Lupi e lupetti
I lupi, in senso metaforico, sono tanti, ma i lupi travestiti da pecora sono molti di più. Farò alcuni esempi per spiegarvi come funzionano le cose. Se poi qualcosa dovesse sfuggirmi, “voi mi corrigerete”, come disse il Papa polacco. Parto dal Daspo, che un tempo si chiamava “Foglio di via”, inflitto a Simone Carabella. I musulmani ci stanno invadendo. Questo è assodato. In quanto ateo, cioè inviso al loro Dio Allah, io sono già potenzialmente decapitato, se solo dovessero raggiungere sempre più potere e comandare al posto dei burattini che abbiamo ora in parlamento. I miei cagnetti, in quanto animali impuri e rigettati dal loro Dio misericordioso, sono già potenzialmente annegati o presi a mitragliate. Simone Carabella compie un’azione di disturbo alle loro insulse preghiere e i giudici nostrani cosa fanno? Danno il foglio di via da Venezia all’italiano disturbatore, anziché provvedere ad allontanare dall’Italia i potenziali assassini maomettani.
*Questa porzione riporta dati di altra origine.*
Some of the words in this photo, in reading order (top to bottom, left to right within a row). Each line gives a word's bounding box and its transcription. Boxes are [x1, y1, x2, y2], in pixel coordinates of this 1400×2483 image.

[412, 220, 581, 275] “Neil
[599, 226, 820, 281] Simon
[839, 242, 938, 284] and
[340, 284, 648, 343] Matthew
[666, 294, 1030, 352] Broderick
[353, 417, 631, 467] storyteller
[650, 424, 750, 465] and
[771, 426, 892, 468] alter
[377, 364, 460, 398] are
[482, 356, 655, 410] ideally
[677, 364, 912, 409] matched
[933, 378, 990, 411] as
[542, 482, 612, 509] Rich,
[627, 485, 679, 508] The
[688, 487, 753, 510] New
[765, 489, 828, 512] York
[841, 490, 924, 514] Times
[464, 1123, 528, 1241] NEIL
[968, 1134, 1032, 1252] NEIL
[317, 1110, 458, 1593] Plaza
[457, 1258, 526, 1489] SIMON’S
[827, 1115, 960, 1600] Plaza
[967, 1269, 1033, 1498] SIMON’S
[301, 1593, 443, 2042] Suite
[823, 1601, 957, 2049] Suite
Fin da bambini ci hanno fatto credere che le forze dell’ordine e i magistrati servano a proteggerci dai delinquenti e da altri pericoli che dovessero minacciare noi devoti cittadini. E ora scopriamo che ci siamo cresciuti una vipera in seno, che giudici e poliziotti sono contro di noi e fanno solo finta di proteggerci, essendosi schierati dalla parte del nemico, quell’orda sempre più in aumento di stranieri fanatici che non vede l’ora di sgozzarci per guadagnarsi il paradiso, con le loro fottutissime 72 vergini. Polizia e giudici, benché appartenenti alla nostra stessa razza, sono dunque lupi vestiti da pecora, pronti a sbranarci prima ancora che lo facciano i maomettani all’uopo preposti.
Altro esempio. Un lupetto vestito da pecora risponde al nome di Giancarlo De Salvo, piemontese, promotore, già da ben cinque anni, di proposte referendarie contro la caccia che lasciano il tempo che trovano, ovvero che non hanno alcuna possibilità, così come sono strutturate, di raggiungere in tre mesi le 500mila firme necessarie. Sono cinque anni che il riprovevole individuo propone tale raccolta di firme, ben sapendo di fare un buco nell’acqua. Probabilmente, gli è stato suggerito di fare così dagli avvocati delle associazioni venatorie, che così umiliano i veri animalisti, prendendo in giro gli stessi cacciatori iscritti a tali associazioni. Costui, che per pagarsi i numerosissimi inserti pubblicitari su Facebook, con i quali invita ad andare a firmare, lamentandosi della mancata adesione delle grandi associazioni animaliste, deve aver intascato molto denaro sottobanco da parte dei cacciatori, oltre alle gratifiche personali. Egli è, a tutti gli effetti, un lupo vestito da pecora, nel momento in cui si spaccia per animalista, mentre in realtà fa il gioco dei cacciatori.
Ultimo esempio. Però invertito. Subdolo e di difficile riconoscimento. Non si tratta di lupi vestiti da pecora, ma di lupi vestiti da lupi. Sto parlando di quel presunto gruppo terroristico chiamato Hamas, che è il fiore all’occhiello del Mossad, la sua creatura meglio riuscita, la più ingannevole, agli occhi dei boccaloni a cui piace farsi ingannare. Hamas non si mostra buono come il finto animalista piemontese, ma si mostra per quello che è: un gruppo di miliziani spietati che hanno ricevuto l’ordine dagli israeliani di ammazzare quanti più israeliani possibile. E’ cinico, ma le cose secondo me funzionano proprio così. Quando si gioca una partita ad alti livelli, ed in gioco ci sono le terre dei palestinesi da espropriare, la vita di qualche israeliano può anche essere sacrificata, in base al principio che “il fine giustifica i mezzi”. Lupi finti sono i giudici e la polizia, insieme al finto animalista monomaniaco, oltre ai musulmani che, come “cellule dormienti”, aspettano solo l’ordine di entrare in azione e di sgozzarci; lupi veri sono i miliziani di Hamas e l’esercito sionista di Netanyahu. In mezzo ci sono le pecore vere, siano esse a due o a quattro gambe, impallinate dai lupi veri e turlupinate dai lupi finti.